- [Task item]: Your task is to output all the records below, word for word.
═════ Provided records
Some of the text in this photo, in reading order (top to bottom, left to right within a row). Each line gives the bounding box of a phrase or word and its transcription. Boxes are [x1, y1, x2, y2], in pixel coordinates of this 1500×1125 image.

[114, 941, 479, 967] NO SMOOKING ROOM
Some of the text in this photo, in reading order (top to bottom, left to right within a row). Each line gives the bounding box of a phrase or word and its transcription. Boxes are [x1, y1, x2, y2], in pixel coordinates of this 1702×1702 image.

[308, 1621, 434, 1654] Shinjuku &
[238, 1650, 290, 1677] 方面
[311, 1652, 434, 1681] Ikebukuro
══════════
- [Answer section]:
Some of the text in this photo, in reading order (top to bottom, left to right within a row). Each line gives the bounding box of a phrase or word and its transcription. Boxes are [x1, y1, x2, y2], in pixel coordinates of this 1500×1125 image.

[114, 941, 479, 967] NO SMOOKING ROOM
Some of the text in this photo, in reading order (top to bottom, left to right within a row). Each line gives the bounding box of a phrase or word and its transcription. Boxes are [x1, y1, x2, y2], in pixel coordinates of this 1702×1702 image.

[308, 1621, 434, 1654] Shinjuku &
[238, 1650, 290, 1677] 方面
[311, 1652, 434, 1681] Ikebukuro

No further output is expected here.